Gene-engineered T cell therapies, particularly chimeric antigen receptor (CAR)-T cells, have demonstrated remarkable clinical success. However, concerns regarding insertional mutagenesis and other risks associated with genetic modification remain. Here, a non-genetic strategy is presented for T cell engineering using glycopolymer modification. It develops glycopolymer-modified T (G-T) cells based on antigen-specific T cells by integrating metabolic glycoengineering and click chemistry, yielding cells that retain T cell functionality while significantly enhancing tumor enrichment. The polyvalent glycopolymer-receptor interactions significantly improved the binding affinity of G-T cells to various glucose transporter 1 (GLUT1)-overexpressing tumor cells, resulting in increased cytotoxicity compared to unmodified T cells. In the tumor microenvironment, G-T cells engaged in stronger immune crosstalk with dendritic cells (DCs), upregulating interferon-gamma (IFN-γ) and interleukin-12 (IL-12) secretion and amplifying the anti-tumor immune response.
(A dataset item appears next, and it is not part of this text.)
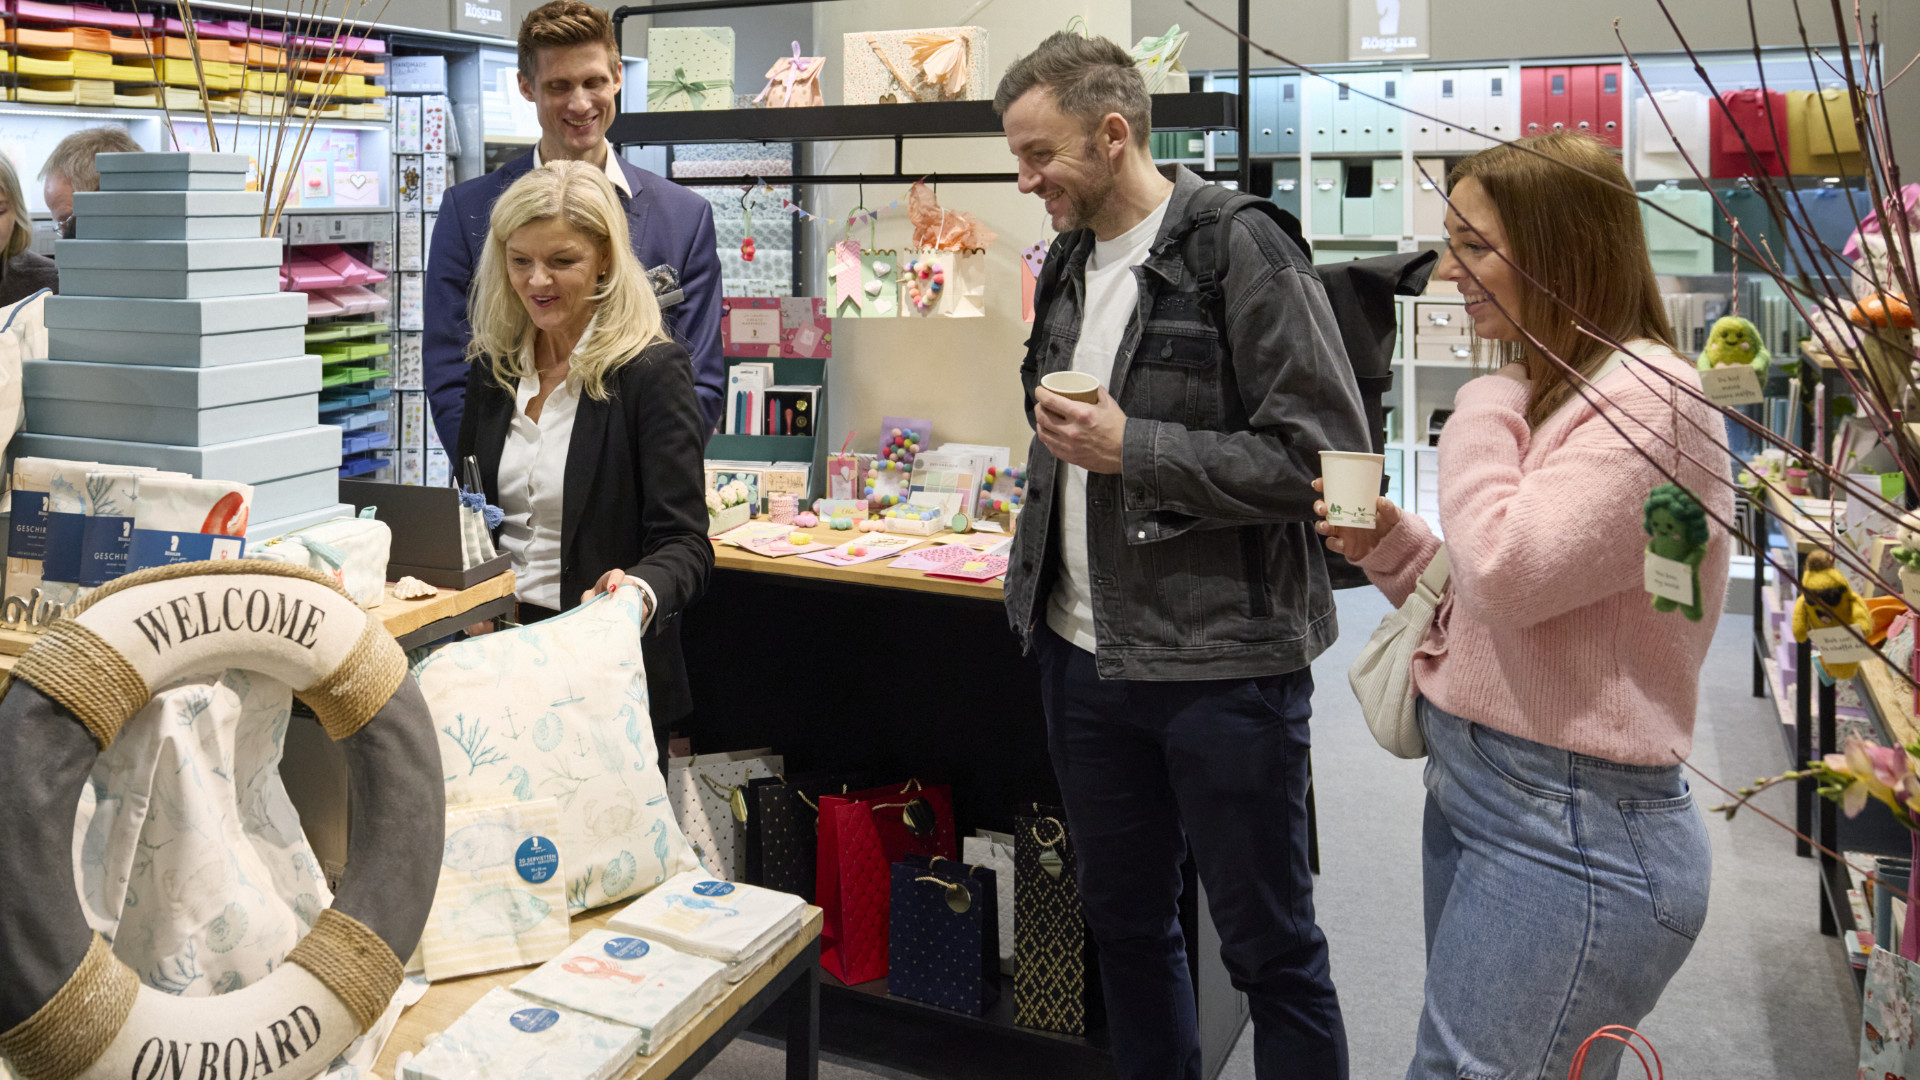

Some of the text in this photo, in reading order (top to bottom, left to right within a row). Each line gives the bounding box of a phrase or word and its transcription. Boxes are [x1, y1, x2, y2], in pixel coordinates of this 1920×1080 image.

Notably, despite the lower specificity of glycan-receptor interactions compared to antigen-antibody binding, the findings reveal an unexpected advantage: the "less restrictive" nature of glycan-receptor recognition enhances both tumor and immune cell interactions, triggering a potent immune cascade. This study establishes a universal, non-genetic T cell engineering strategy with broad applicability, offering a new perspective for tumor immunotherapy by merging biomedical polymer materials with immune modulation.